(Problem to work on) After locating the line that contains "this 1024×1820 image." in the listing below, write out that line and every following line exactly, with no other output.

(Listed entries)
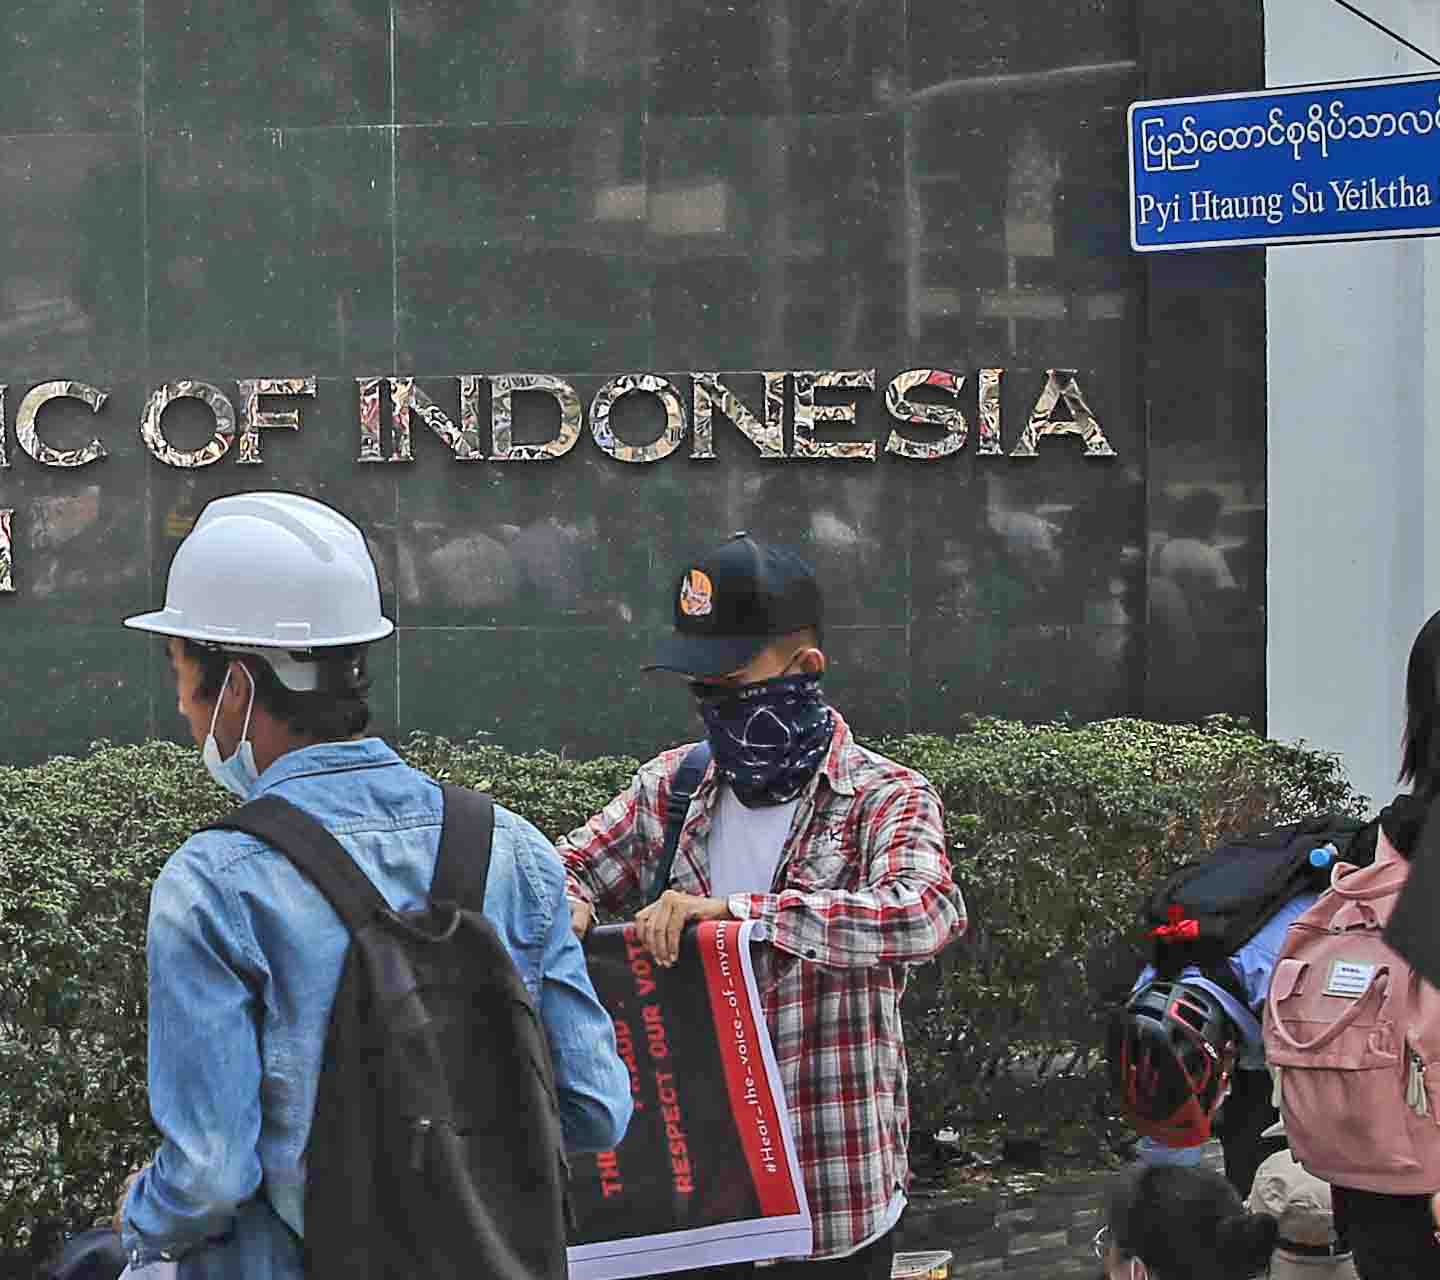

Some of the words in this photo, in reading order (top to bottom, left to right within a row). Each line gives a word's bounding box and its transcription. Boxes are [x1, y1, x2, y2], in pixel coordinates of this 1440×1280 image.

[1136, 193, 1181, 233] Pyi
[1188, 190, 1284, 225] Htaung
[1291, 181, 1326, 215] Su
[1328, 175, 1433, 212] Yeiktha
[138, 373, 318, 471] OF
[353, 364, 1118, 464] INDONESIA
[640, 1004, 670, 1059] OUR
[654, 1070, 696, 1194] RESPECT
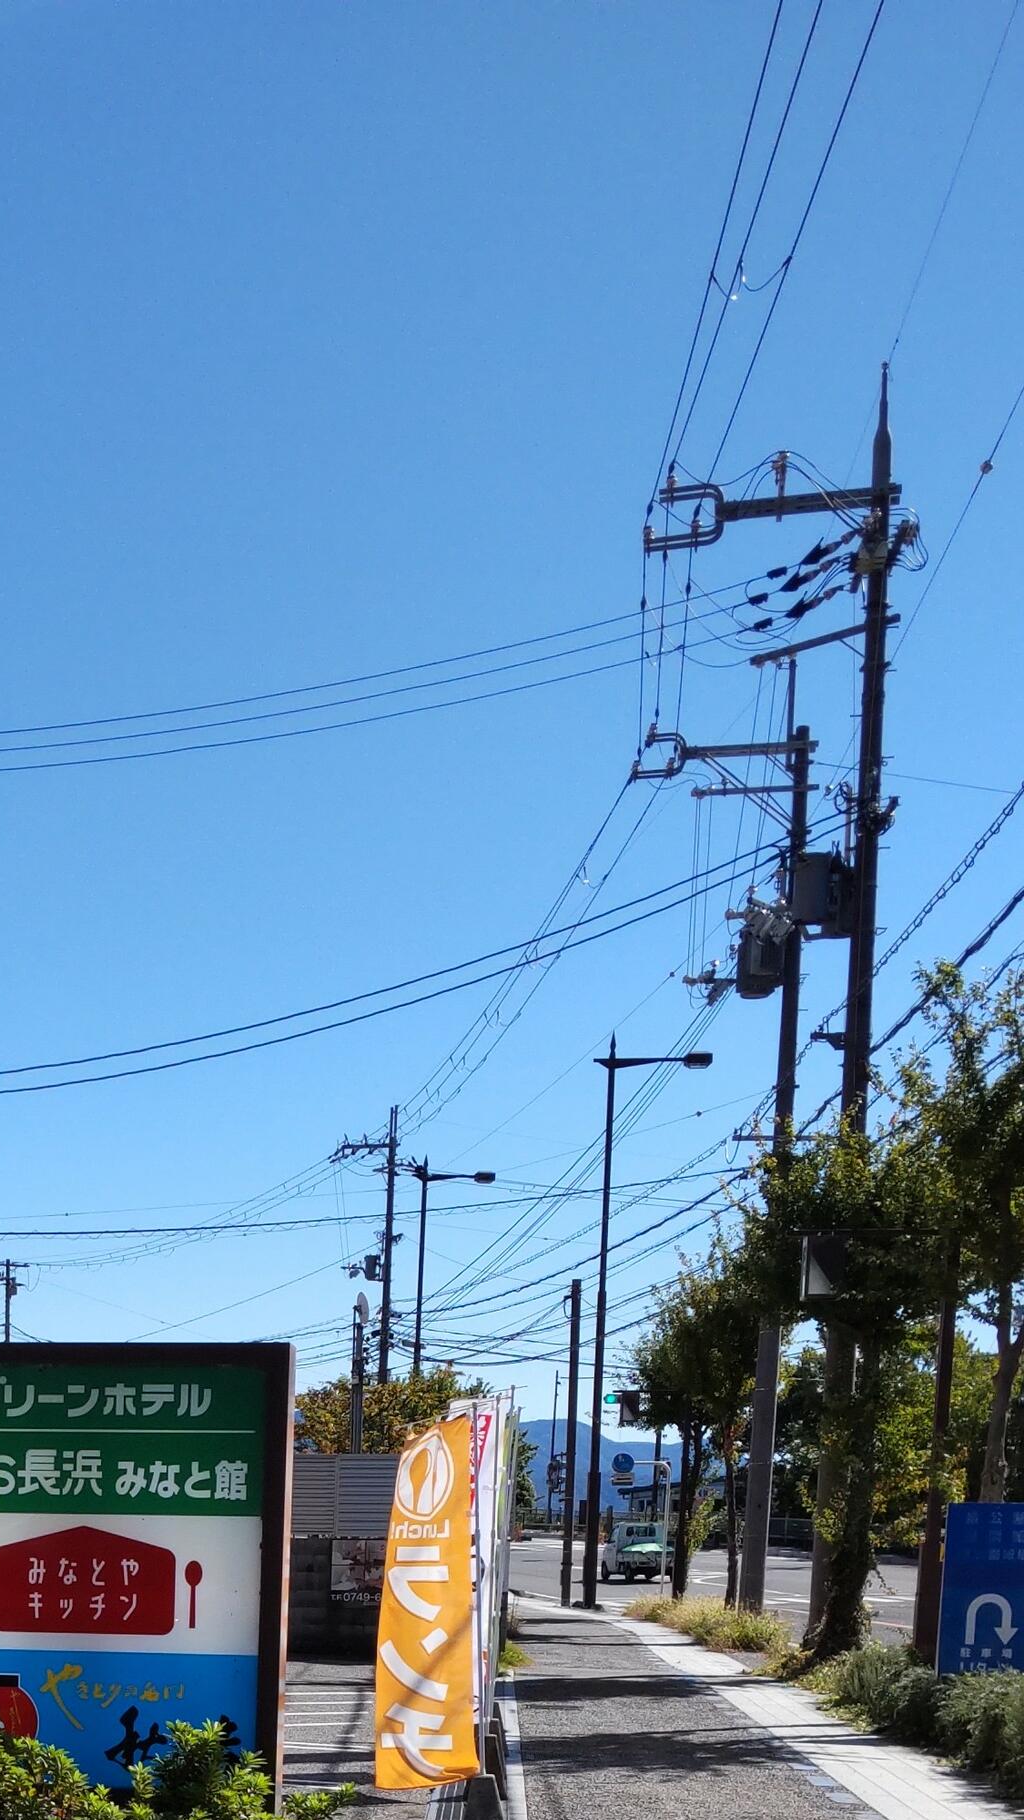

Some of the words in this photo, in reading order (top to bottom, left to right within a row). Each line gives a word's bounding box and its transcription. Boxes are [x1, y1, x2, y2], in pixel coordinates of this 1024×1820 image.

[115, 1460, 249, 1501] みなと館
[27, 1557, 140, 1586] みなとや
[28, 1592, 138, 1621] キッチン

(Result)
Some of the words in this photo, in reading order (top to bottom, left to right within a row). Each line gives a word's bounding box and its transcription. Boxes are [x1, y1, x2, y2], in pixel coordinates of this 1024×1820 image.

[115, 1460, 249, 1501] みなと館
[27, 1557, 140, 1586] みなとや
[28, 1592, 138, 1621] キッチン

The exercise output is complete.